Friday, August 24, 2007

What is "Cool"?

The concept of 'Cool,' or 'Kewl' as it is sometimes called, is like quick silver. Which is actually mercury, a substance of amazing toxicity to just about anything that has to draw a breath. I once saw a special on TBN, Trinity Broadcasting, about the gold miners in Brasil (as they call it) and it showed in graphic detail, from start to finish, what mercury poisoning does to a human being and how believing in the Lord Jesus Christ could help those poor souls if you, meaning the viewer, would send money to Paul and his vixen wife. (What would you do with Jan's hair if you could get her into the sack?) But the main point is that there is a stage of mercury poisoning where you are walking and talking, but you're a total goof ball and a lot of what you do is totally funny to normal people who are watching, either in person or through the miracle of TV, which at one time really was miracle, but now its existence is a total yawn if you were born to parents with indoor plumbing.

Anyway, being 'cool' is fleeting. I had a grasp on it, not once, not twice, but three times. One thing all three fleeting moments of coolness had was I wasn't married, engaged or even seriously involved with a female. I'm not saying that you can't be cool and married at the same time, I'm just saying I've never really seen it done. Brad Pitt was not 'cool' when he was married to what's-her-name and then started messing around with what's-her-name.

Here's the story of my first episode of coolness, which lasted maybe three hours. I was put on a plane in Mexico City, still a 'set apart' Mormon Missionary. The Vietnam war was raging and the timing of my release from the Mission Field was purposely designed to get me enrolled at BYU within a day so that I went immediately from a 4D to a 2S draft status. So I flew to LA and then onto Salt Lake City, where I was picked up and taken to the Admin Building at BYU where I was registered for classes. This was called Mid-Term Enrollment. It just happened to be a Friday. I left the Admin Building and was told to report to the MTC (Missionary Training Center) where they'd bunk me for the night. I checked in, and then went out to wander the campus. There was a dance at the student union. I showed up and found a guy who'd left my Mission field a few months earlier. He had a date. He and I brought each other up to date. His date quickly glommed onto the fact that I was 'still' a Missionary. Meaning I couldn't dance, I could kiss, neck, pet, hump, or in any way, shape or form act like a normal 21 year old. So she started calling out to her friends and they called out their friends and all these young, fresh, firm, desirable Mormon girls started hitting on me. Because they knew they weren't supposed to. So they were practicing all their comely wiles on me, knowing that I wasn't supposed to do anything about it. And I remember thinking, "How cool is this?" I knew that if I tried to flirt back, they would think me uncool and the magic would be gone. So in response to their flirting, I would offer to pray with them. It was totally cool.

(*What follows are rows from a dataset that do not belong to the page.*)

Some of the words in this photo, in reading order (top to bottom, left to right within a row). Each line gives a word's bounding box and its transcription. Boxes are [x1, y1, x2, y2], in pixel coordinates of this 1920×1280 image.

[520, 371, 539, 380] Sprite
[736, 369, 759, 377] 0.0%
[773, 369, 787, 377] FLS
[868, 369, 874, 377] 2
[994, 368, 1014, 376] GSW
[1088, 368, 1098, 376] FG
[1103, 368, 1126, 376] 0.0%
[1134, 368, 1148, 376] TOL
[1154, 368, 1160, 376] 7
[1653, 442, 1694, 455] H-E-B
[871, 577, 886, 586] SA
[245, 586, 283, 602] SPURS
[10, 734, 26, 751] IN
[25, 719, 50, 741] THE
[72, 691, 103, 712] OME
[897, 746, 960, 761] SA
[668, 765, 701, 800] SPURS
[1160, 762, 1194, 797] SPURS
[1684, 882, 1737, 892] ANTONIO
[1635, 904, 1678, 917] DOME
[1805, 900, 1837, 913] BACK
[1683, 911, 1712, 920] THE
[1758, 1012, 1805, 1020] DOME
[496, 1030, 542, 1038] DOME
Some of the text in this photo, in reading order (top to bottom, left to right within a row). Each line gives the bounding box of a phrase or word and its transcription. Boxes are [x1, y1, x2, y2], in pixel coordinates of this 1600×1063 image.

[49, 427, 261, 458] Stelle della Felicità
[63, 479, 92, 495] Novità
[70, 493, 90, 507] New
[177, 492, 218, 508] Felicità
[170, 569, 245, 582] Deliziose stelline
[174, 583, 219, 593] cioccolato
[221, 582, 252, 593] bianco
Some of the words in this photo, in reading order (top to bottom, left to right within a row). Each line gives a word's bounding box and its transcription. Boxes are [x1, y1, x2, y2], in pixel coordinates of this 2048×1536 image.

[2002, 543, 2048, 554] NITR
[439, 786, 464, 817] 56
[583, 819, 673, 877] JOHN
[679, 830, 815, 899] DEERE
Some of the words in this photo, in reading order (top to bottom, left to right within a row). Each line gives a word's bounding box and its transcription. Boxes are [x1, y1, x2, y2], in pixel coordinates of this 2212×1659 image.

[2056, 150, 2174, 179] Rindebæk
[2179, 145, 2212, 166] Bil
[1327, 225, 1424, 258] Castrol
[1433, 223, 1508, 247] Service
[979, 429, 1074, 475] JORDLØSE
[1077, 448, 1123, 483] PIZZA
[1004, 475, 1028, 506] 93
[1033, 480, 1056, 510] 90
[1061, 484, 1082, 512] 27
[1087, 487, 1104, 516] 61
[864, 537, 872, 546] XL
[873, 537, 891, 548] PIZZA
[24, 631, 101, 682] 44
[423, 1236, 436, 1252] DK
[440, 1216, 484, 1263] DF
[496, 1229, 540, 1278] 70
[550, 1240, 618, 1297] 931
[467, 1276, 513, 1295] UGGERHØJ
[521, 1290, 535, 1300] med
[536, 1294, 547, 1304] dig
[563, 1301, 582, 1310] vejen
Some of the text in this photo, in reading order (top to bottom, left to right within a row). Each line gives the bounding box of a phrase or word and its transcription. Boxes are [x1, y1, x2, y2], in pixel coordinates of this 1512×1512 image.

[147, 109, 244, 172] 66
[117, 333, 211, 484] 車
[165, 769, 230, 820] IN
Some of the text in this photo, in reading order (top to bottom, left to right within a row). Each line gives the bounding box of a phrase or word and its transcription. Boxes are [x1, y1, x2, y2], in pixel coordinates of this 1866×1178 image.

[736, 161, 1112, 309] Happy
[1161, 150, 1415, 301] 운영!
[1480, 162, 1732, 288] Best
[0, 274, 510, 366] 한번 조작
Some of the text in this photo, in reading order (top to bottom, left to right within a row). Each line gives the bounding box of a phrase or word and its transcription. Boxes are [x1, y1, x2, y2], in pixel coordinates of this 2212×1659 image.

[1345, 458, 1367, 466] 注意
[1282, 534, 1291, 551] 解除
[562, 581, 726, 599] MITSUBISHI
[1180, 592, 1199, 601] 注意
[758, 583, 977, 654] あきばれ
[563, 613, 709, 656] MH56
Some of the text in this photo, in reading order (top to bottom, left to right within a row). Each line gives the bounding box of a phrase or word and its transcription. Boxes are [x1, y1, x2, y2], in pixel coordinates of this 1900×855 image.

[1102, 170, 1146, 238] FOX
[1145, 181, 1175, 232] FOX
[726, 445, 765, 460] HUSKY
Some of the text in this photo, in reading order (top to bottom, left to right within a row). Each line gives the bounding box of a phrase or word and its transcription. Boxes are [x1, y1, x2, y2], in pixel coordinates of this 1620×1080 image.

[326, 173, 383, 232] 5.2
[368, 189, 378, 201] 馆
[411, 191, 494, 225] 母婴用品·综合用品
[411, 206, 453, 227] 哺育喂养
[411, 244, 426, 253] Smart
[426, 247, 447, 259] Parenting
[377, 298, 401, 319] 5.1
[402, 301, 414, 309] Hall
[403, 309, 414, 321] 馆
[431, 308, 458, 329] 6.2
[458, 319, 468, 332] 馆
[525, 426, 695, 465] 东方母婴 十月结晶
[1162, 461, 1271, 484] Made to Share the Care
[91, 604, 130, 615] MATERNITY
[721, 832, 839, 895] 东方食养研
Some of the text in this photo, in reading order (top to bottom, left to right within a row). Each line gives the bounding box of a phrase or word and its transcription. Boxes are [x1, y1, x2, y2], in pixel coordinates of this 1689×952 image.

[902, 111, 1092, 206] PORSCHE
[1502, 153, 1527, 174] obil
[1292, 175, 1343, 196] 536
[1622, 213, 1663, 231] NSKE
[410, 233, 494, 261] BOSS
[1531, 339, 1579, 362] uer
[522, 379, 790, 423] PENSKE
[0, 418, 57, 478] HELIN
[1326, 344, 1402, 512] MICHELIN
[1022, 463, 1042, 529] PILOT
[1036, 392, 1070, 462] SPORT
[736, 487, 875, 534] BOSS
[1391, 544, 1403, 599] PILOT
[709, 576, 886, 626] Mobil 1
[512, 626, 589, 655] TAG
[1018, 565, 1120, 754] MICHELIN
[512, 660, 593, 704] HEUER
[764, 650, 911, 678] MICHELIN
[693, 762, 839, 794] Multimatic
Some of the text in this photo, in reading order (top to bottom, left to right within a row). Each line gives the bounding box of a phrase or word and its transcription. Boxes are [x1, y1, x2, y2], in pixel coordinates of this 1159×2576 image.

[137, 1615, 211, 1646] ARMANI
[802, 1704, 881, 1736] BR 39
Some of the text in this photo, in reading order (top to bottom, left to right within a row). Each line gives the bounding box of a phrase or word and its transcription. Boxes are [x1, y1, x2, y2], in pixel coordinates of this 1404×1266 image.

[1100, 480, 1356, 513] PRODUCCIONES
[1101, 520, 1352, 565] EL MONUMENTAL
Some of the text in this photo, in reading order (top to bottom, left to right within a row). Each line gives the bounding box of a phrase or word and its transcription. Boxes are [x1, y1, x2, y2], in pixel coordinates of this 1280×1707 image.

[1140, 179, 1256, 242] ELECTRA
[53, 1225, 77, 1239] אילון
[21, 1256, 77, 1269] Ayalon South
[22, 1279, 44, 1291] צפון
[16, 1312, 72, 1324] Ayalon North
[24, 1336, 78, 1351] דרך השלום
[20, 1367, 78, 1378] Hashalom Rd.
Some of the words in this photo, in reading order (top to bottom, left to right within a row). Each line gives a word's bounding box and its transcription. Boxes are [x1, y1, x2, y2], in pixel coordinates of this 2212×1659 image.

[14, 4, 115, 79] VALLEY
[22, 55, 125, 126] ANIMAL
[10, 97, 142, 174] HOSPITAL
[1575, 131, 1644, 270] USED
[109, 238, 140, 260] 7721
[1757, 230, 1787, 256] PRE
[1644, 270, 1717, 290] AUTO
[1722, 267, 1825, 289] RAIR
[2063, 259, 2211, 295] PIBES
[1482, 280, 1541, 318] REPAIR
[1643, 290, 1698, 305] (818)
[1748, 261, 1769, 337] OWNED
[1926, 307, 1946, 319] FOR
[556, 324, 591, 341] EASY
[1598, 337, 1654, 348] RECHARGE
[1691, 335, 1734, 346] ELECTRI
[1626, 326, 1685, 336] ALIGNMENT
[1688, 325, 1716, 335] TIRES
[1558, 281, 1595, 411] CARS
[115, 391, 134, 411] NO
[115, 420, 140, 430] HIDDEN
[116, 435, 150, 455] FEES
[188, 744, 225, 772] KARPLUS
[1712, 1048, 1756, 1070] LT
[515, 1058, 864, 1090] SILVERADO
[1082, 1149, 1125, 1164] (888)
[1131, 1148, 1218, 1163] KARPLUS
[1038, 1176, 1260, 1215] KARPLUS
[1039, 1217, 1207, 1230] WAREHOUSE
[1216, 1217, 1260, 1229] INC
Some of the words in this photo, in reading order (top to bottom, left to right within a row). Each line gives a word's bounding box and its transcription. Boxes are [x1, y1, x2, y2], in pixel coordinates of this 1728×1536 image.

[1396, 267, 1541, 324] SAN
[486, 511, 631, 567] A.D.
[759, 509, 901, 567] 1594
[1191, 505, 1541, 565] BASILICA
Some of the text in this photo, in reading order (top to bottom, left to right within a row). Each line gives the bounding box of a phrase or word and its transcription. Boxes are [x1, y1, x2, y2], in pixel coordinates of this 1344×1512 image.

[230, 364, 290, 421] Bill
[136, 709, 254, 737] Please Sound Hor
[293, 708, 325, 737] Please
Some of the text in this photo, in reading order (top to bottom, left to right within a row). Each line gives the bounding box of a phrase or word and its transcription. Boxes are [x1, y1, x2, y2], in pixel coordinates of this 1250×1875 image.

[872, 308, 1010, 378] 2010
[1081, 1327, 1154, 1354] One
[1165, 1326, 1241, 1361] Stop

Which proves a very important point: Coolness is relative.

Another important point: I either didn't know the girl's name or I was seriously involved. There was never a middle ground. I like to think that this sort of set me apart from the other guys.

6 comments:

Nessa said...

I found it is impossible to be cool to the people who know you.

T said...

Mmmm, Mormon girls...

To be naughty with them gives a guy a sense of empowerment knowing you've bitten into the (very) forbidden apple and she's probably going to hell.

That's power!

Of course, I presume...

paperback reader said...

Is it cool, though, when nothing literally can come from it?

Bert Bananas said...

Ms. Nibblekins, it's way cool that you've touched on a subject that is biblical. Somewhere in the New Testament is a reference to Jesus complaining that "...a prophet is without honor in his own home." Which I think has something to do with farting.

Big T, true story: I had two dates with a girl at the Y (Hey, she was Canadian!!) and when we went to park, we ended up dry humping. I think she must have gotten a lot more out of it than I did because she always cried and wanted us to pray for forgiveness before we'd go home. (I can see Kat praying, but I think it would be before, not after...)

Sr. Pistolero, getting something figuratively is cool enough for me. I have found that the lower my standards, the greater my pleasures.

Leonesse said...

Nibs said it best.

I am not cool in my home because of my inability to break wind with any regularity, stinkability or audibility. Sigh.

Not what Miss Manners would approve of but it passes for coolness in our house.

The Guv'ner said...

The Guv'ner once released a butt trumpet so intensely earthquake like in intensity that both cats, who sit out thunderstorms with amazing nonchalance, made a 100mph beeline for under the bed.

Now, who wants to sleep with me? Form a line here.